ACTION ITEM. Pictures are to be dropped from the copy. Retype the listing exactly.

RECORD EXCERPTS.
»»

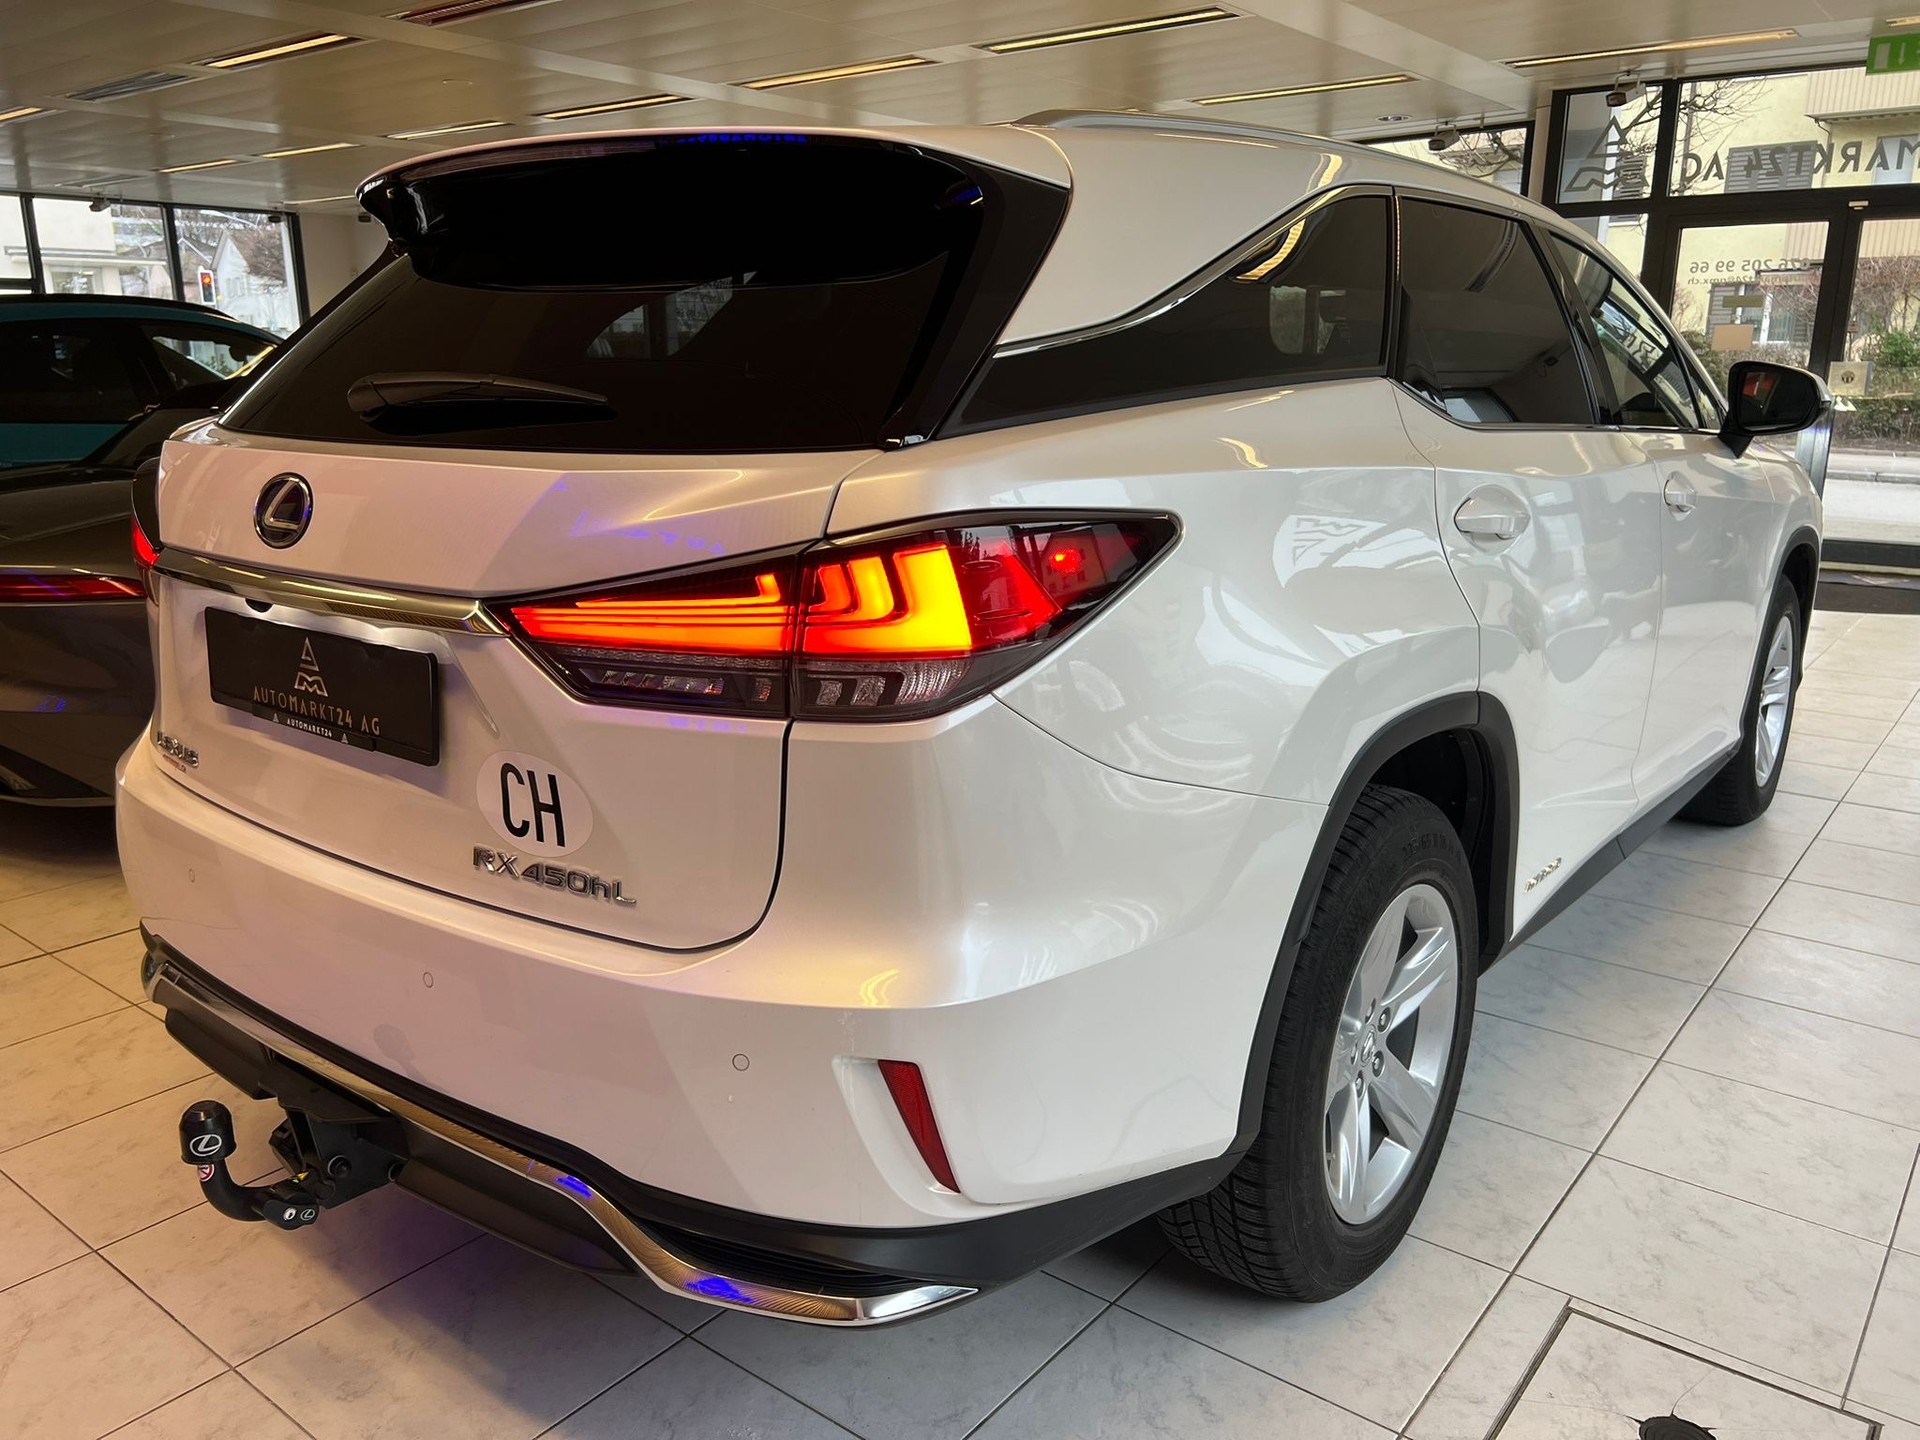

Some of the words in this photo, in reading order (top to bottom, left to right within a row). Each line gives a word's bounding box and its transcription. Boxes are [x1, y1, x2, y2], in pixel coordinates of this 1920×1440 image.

[253, 685, 353, 728] AUTOMARKT24
[360, 714, 381, 735] AG
[286, 717, 333, 737] AUTOMARKT24
[500, 761, 566, 848] CH

««

ANSWER BOX.
Some of the words in this photo, in reading order (top to bottom, left to right within a row). Each line gives a word's bounding box and its transcription. Boxes are [x1, y1, x2, y2], in pixel coordinates of this 1920×1440 image.

[253, 685, 353, 728] AUTOMARKT24
[360, 714, 381, 735] AG
[286, 717, 333, 737] AUTOMARKT24
[500, 761, 566, 848] CH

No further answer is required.